— Пей!
— Ты чего, с ума сошел? Зачем столько много? Я же сразу окосею и вырублюсь.
— Это было бы лучше, — угрюмо заметил Барин. — Пей! Считай, что это приказ!
Она выпила половину фужера. Вскоре ее заметно повело, она стала болтать всякую чепуху долговязому белобрысому финну с прозрачными синими глазами. Барин будто ждал этого момента, взял ее под локоть и проводил через коридор к двери в комнату отдыха.
— Иди! Я обещал. Молчи, терпи, иди! Тебя не убудет, зато долг быстрей покроем. Я обещал! — Барин открыл дверь и втолкнул Жанну в комнату отдыха.
Там ее дожидался Туз. Кричать было бессмысленно: на помощь никто бы не пришел, урке ее отдал сам хозяин.

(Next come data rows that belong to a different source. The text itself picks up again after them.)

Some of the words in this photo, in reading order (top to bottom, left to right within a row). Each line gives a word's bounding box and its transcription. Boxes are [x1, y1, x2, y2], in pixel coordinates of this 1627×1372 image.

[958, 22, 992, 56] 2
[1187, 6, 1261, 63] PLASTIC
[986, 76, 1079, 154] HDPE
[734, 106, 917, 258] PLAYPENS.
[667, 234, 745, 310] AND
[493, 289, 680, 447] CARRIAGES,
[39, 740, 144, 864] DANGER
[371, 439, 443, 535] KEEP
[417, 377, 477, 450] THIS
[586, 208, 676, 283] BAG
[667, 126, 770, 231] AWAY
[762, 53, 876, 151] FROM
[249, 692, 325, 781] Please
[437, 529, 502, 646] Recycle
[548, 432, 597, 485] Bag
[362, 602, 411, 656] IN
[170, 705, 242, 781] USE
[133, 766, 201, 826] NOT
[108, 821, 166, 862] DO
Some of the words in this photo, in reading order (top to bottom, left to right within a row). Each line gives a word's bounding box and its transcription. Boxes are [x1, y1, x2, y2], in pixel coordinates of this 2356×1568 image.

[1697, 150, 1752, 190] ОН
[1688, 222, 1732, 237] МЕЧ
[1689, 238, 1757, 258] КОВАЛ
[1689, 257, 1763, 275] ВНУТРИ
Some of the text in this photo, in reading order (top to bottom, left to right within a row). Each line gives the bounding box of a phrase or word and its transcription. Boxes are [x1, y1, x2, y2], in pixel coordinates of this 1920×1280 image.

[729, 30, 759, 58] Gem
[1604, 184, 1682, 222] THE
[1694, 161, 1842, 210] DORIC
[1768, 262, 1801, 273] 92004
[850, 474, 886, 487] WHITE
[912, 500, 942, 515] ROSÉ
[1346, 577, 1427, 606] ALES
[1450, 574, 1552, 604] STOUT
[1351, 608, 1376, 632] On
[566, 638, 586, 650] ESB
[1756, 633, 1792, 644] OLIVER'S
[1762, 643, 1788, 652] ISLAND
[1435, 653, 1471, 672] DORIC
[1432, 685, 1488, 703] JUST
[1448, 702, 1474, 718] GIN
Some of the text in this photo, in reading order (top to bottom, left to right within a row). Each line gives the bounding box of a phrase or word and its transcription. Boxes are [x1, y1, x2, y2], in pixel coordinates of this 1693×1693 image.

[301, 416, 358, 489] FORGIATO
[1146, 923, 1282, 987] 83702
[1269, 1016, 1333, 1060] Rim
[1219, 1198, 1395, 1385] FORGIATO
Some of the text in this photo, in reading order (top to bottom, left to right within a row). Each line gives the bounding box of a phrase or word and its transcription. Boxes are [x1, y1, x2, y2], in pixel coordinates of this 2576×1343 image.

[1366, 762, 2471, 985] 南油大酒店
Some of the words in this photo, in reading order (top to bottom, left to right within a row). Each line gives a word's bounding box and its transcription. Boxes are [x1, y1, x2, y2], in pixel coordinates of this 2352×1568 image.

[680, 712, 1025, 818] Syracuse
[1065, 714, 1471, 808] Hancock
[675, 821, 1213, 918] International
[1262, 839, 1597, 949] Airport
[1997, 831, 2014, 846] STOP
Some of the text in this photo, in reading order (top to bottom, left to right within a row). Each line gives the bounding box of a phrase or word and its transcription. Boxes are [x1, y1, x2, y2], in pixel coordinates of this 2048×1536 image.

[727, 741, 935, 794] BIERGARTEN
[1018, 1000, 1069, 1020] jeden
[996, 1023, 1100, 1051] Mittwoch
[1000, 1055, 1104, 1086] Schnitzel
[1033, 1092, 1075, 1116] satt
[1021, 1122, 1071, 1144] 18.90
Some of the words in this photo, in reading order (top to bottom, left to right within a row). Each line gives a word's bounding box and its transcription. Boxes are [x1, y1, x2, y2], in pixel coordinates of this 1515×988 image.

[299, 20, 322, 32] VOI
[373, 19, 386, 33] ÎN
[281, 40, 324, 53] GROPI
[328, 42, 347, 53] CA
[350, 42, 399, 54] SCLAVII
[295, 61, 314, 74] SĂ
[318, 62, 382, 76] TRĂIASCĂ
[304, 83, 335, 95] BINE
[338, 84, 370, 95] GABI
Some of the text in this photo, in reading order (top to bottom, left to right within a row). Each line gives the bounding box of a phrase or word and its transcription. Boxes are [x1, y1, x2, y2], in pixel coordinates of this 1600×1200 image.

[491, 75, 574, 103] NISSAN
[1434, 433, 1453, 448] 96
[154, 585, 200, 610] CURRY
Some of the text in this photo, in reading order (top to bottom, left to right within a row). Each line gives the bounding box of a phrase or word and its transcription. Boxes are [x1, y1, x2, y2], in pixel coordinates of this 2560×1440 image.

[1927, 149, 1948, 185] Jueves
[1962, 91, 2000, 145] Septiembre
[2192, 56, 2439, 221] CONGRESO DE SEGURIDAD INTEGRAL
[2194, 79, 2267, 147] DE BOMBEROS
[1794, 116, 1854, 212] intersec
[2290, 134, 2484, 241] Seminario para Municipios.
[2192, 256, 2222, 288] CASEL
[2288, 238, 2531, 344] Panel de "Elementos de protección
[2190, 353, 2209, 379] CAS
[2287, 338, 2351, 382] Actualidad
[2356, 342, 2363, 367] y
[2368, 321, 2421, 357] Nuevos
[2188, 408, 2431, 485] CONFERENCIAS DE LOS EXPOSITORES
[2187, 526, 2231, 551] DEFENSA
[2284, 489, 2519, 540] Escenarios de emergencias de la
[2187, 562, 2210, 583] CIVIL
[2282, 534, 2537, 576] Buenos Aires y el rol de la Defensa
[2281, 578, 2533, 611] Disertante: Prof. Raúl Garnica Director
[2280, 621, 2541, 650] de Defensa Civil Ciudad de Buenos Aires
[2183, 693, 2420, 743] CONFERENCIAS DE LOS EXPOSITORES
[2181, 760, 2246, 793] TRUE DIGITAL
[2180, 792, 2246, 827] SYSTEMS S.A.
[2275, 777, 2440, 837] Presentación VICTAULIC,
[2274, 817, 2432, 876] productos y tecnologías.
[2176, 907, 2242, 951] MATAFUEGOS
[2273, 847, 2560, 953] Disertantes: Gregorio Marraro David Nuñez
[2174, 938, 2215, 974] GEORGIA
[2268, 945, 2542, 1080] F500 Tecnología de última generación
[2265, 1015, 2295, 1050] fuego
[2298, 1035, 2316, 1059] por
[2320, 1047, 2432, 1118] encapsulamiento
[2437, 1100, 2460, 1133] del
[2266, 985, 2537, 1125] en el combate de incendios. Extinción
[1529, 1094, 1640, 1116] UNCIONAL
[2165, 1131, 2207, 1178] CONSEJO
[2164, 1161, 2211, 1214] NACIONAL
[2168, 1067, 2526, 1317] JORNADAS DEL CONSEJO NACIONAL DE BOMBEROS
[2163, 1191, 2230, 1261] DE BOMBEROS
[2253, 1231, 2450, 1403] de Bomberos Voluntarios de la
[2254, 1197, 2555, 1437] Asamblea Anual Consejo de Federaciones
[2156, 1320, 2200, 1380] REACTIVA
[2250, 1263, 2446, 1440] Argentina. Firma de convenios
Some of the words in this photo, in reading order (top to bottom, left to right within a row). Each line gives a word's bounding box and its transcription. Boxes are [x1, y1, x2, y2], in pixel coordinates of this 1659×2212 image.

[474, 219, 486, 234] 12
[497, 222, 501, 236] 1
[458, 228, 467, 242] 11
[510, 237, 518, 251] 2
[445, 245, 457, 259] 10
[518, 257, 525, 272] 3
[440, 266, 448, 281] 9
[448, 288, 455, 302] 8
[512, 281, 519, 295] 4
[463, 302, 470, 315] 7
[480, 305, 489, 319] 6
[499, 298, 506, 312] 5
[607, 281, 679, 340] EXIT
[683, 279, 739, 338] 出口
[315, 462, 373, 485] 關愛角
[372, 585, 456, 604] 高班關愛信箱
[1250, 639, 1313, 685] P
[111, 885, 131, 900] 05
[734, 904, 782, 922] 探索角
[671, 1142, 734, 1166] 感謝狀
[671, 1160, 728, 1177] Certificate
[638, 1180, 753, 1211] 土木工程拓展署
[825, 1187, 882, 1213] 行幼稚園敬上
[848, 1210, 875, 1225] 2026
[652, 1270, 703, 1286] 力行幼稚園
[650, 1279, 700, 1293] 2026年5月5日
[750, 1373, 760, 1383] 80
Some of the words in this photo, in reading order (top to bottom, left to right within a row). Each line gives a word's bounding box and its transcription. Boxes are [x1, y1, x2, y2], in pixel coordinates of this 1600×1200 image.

— Жирная тварь! Старая мразь! Предатель! — Она не просто выкрикивала оскорбления, она плевала Барину в лицо, она пыталась пнуть его в живот, лезла царапаться. Потом она ревела, выла, стонала, извивалась в истерике на диване, проклиная Барина.
Ей еще долго-долго не верилось, что такое могло произойти, что такое уже произошло! И хотя она знала, что Барин по части женщин не исповедует никаких принципов, кроме одного: «бабы — это получеловеки», и не способен к ревности, она недоумевала, что он, имевший на нее исключительное, «эксклюзивное» право, как на свою собственность, уступил ее какому-то уголовнику, ублюдку.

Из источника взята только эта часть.